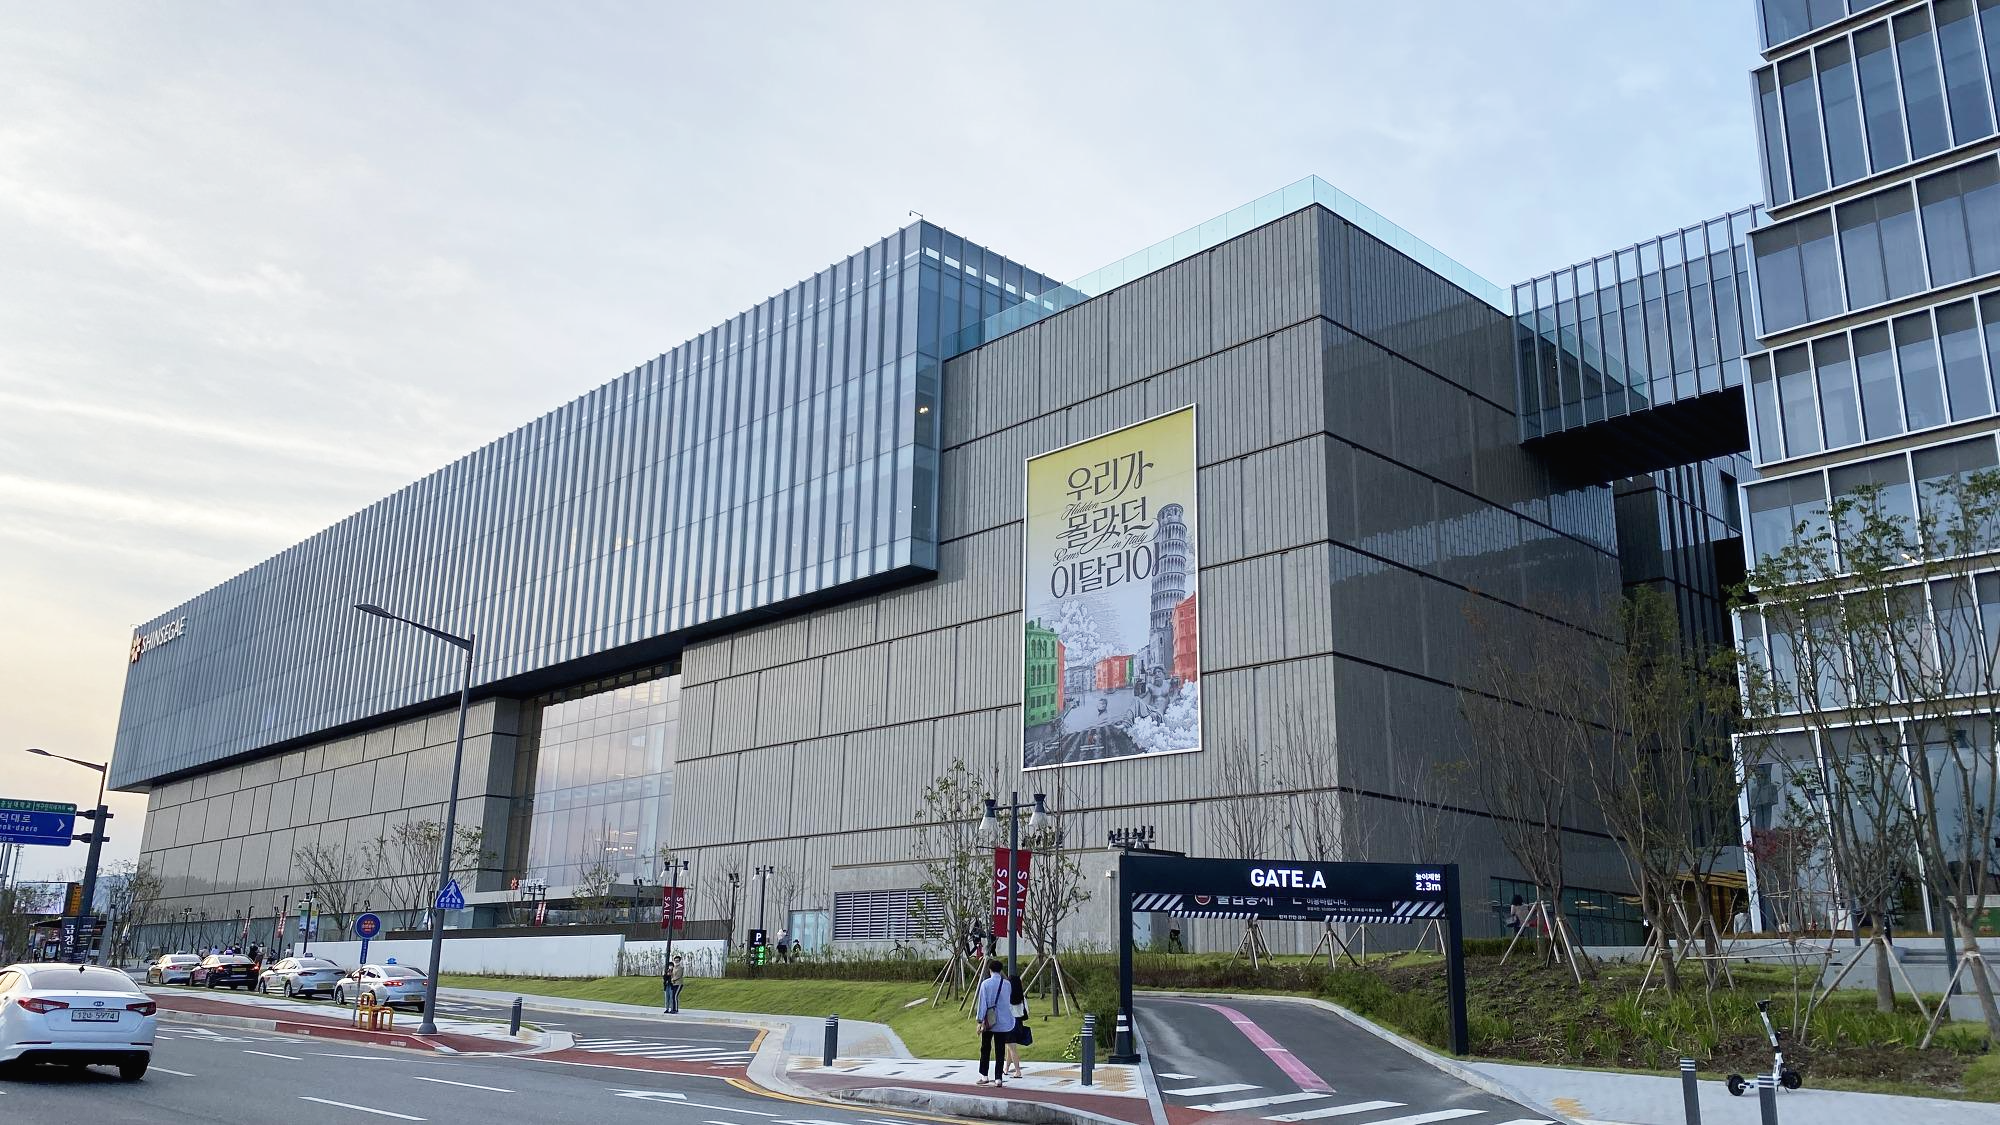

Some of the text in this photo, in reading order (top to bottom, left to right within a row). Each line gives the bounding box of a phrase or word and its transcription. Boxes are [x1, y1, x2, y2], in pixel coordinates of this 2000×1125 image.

[1066, 450, 1154, 504] 우리가
[1061, 500, 1099, 520] Hidden
[1056, 496, 1154, 554] 몰랐던
[1053, 548, 1080, 567] Gems
[1121, 532, 1148, 550] Italy
[1051, 542, 1168, 599] 이탈리아
[141, 616, 187, 654] SHINSEGAE
[996, 868, 1008, 916] SALE
[1250, 868, 1327, 889] GATE.A
[1415, 881, 1442, 891] 2.3m
[663, 896, 671, 919] SALE
[675, 896, 684, 920] SALE
[755, 932, 762, 941] P
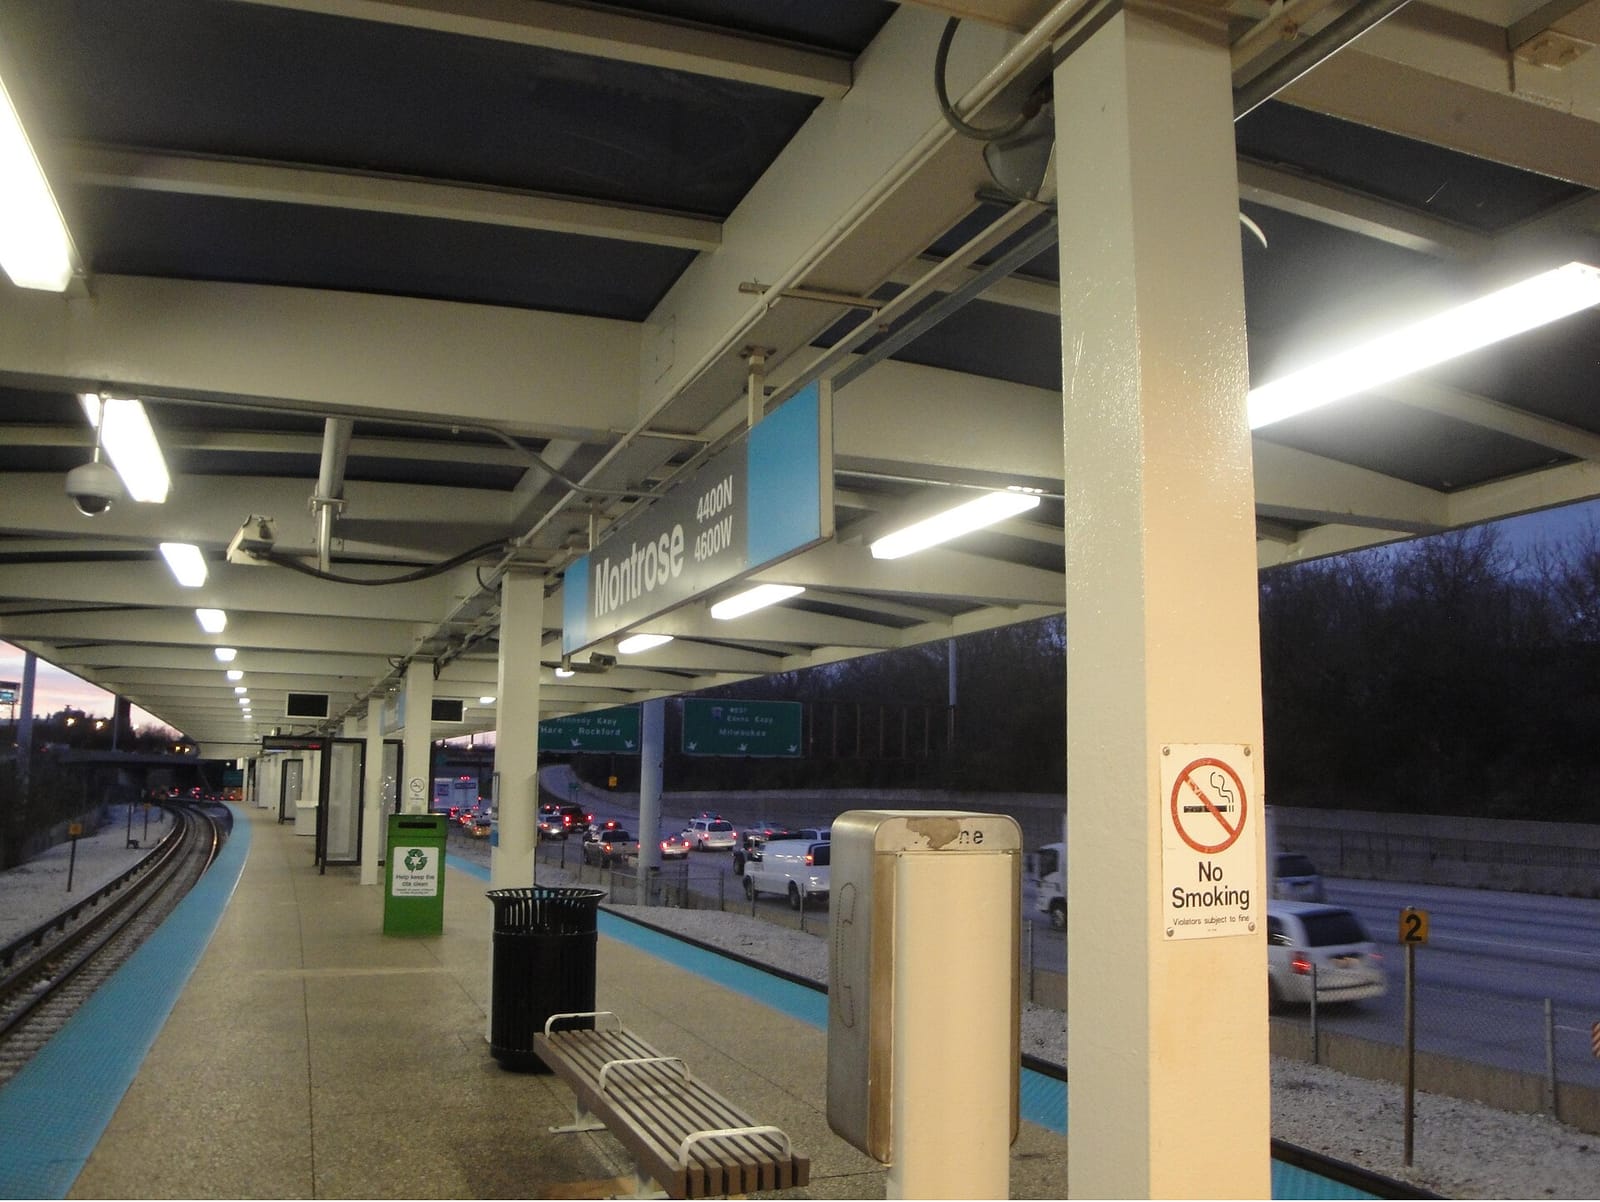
=-=-=
--- Exercise ---
Go through the listing above and quote it exactly, apart from its images.

--- Your response ---
Some of the text in this photo, in reading order (top to bottom, left to right within a row). Each line gives the bounding box of a phrase or word and its transcription. Boxes are [x1, y1, x2, y2], in pixel coordinates of this 2000×1125 image.

[1066, 450, 1154, 504] 우리가
[1061, 500, 1099, 520] Hidden
[1056, 496, 1154, 554] 몰랐던
[1053, 548, 1080, 567] Gems
[1121, 532, 1148, 550] Italy
[1051, 542, 1168, 599] 이탈리아
[141, 616, 187, 654] SHINSEGAE
[996, 868, 1008, 916] SALE
[1250, 868, 1327, 889] GATE.A
[1415, 881, 1442, 891] 2.3m
[663, 896, 671, 919] SALE
[675, 896, 684, 920] SALE
[755, 932, 762, 941] P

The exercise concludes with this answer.